Prompt:
Your copy must hold all of the data below, unchanged and without images.

Records from a data source:

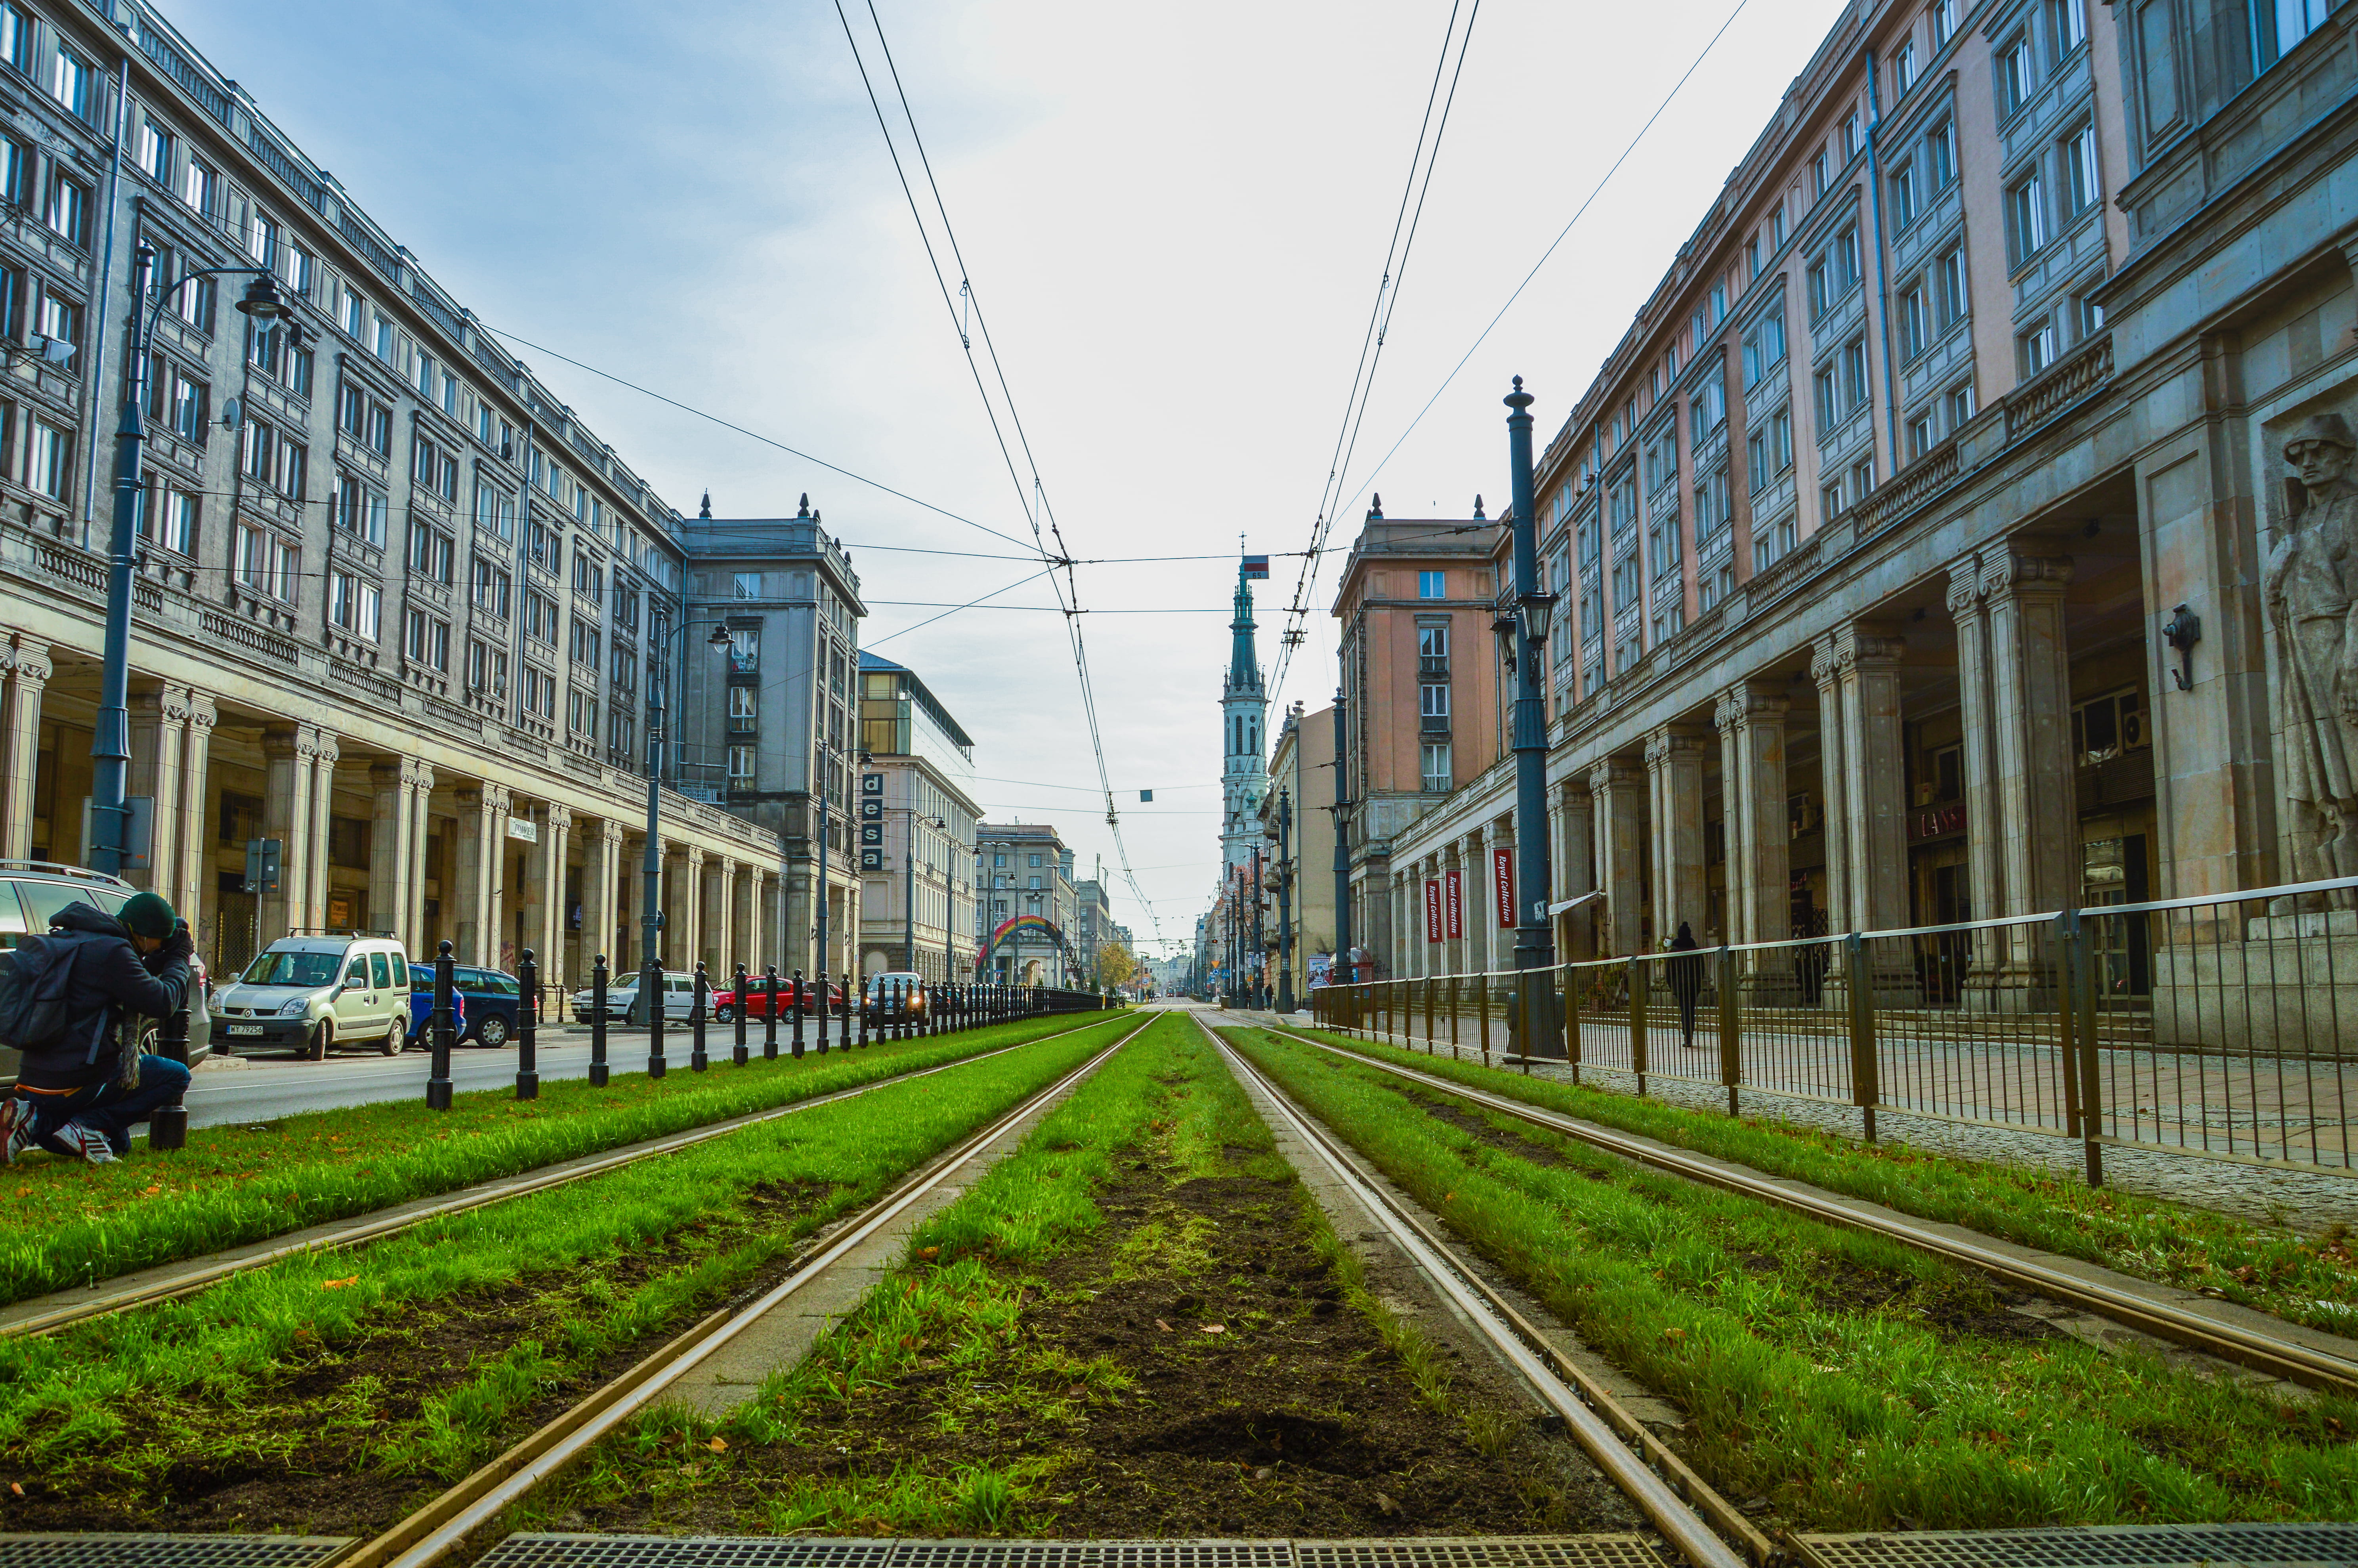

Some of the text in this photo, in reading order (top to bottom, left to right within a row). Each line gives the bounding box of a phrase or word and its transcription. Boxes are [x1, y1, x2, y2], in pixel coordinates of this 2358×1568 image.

[515, 824, 534, 836] TOWER
[864, 776, 878, 864] desa
[1498, 856, 1510, 922] Royal Collection
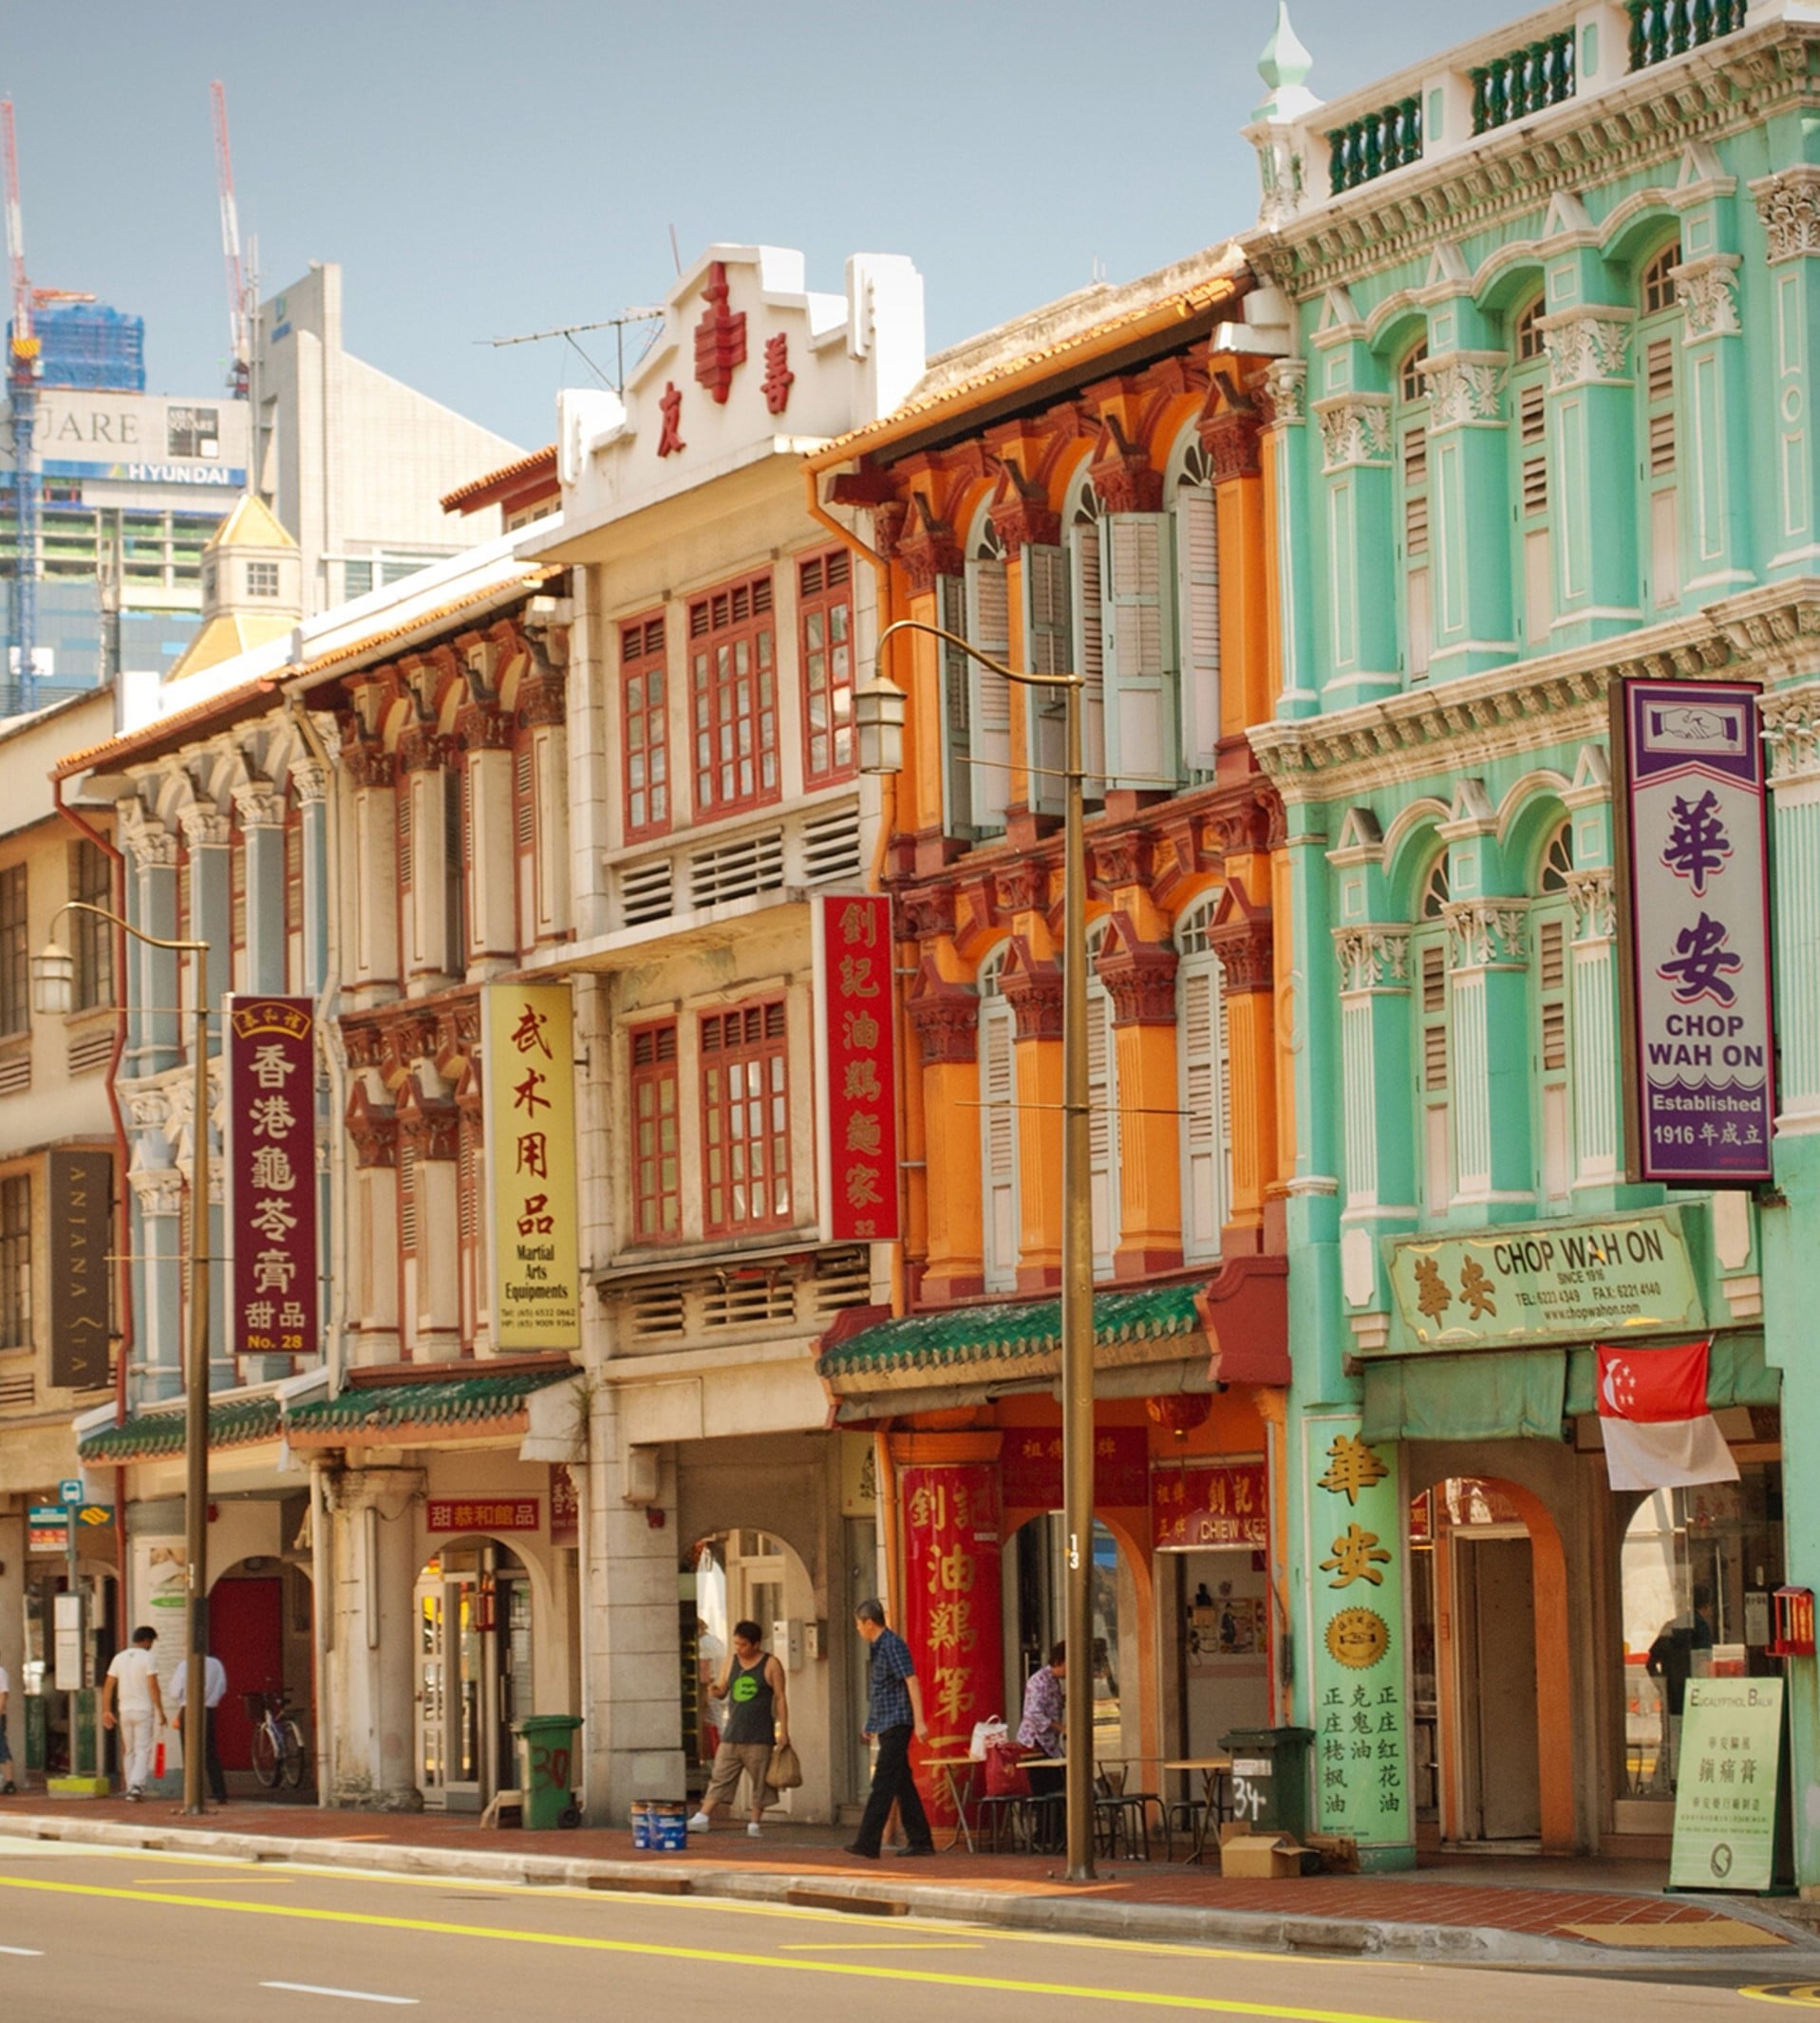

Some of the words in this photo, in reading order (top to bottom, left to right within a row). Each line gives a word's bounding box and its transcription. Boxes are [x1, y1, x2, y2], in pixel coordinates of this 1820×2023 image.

[128, 463, 230, 485] HYUNDAI
[1665, 1014, 1745, 1039] CHOP
[1648, 1042, 1711, 1068] WAH
[1722, 1044, 1764, 1069] ON
[1652, 1094, 1762, 1113] Established
[1653, 1124, 1696, 1145] 1916
[1698, 1121, 1763, 1147] 年成立
[68, 1167, 86, 1298] ANJANA
[854, 1219, 876, 1236] 32
[516, 1244, 554, 1262] Martial
[1493, 1240, 1554, 1275] CHOP
[1559, 1233, 1623, 1269] WAH
[1625, 1229, 1664, 1264] ON
[525, 1263, 548, 1281] Arts
[1556, 1270, 1585, 1285] SINCE
[504, 1282, 569, 1303] Equipments
[1591, 1285, 1616, 1301] FAX:
[245, 1302, 306, 1329] 甜品
[248, 1334, 276, 1349] No.
[281, 1334, 304, 1349] 28
[1200, 1519, 1239, 1540] CHIEW
[1232, 1777, 1266, 1821] 34

Response to this task:
Some of the text in this photo, in reading order (top to bottom, left to right within a row). Each line gives the bounding box of a phrase or word and its transcription. Boxes are [x1, y1, x2, y2], in pixel coordinates of this 2358×1568 image.

[515, 824, 534, 836] TOWER
[864, 776, 878, 864] desa
[1498, 856, 1510, 922] Royal Collection

Some of the words in this photo, in reading order (top to bottom, left to right within a row). Each line gives a word's bounding box and its transcription. Boxes are [x1, y1, x2, y2], in pixel coordinates of this 1820×2023 image.

[128, 463, 230, 485] HYUNDAI
[1665, 1014, 1745, 1039] CHOP
[1648, 1042, 1711, 1068] WAH
[1722, 1044, 1764, 1069] ON
[1652, 1094, 1762, 1113] Established
[1653, 1124, 1696, 1145] 1916
[1698, 1121, 1763, 1147] 年成立
[68, 1167, 86, 1298] ANJANA
[854, 1219, 876, 1236] 32
[516, 1244, 554, 1262] Martial
[1493, 1240, 1554, 1275] CHOP
[1559, 1233, 1623, 1269] WAH
[1625, 1229, 1664, 1264] ON
[525, 1263, 548, 1281] Arts
[1556, 1270, 1585, 1285] SINCE
[504, 1282, 569, 1303] Equipments
[1591, 1285, 1616, 1301] FAX:
[245, 1302, 306, 1329] 甜品
[248, 1334, 276, 1349] No.
[281, 1334, 304, 1349] 28
[1200, 1519, 1239, 1540] CHIEW
[1232, 1777, 1266, 1821] 34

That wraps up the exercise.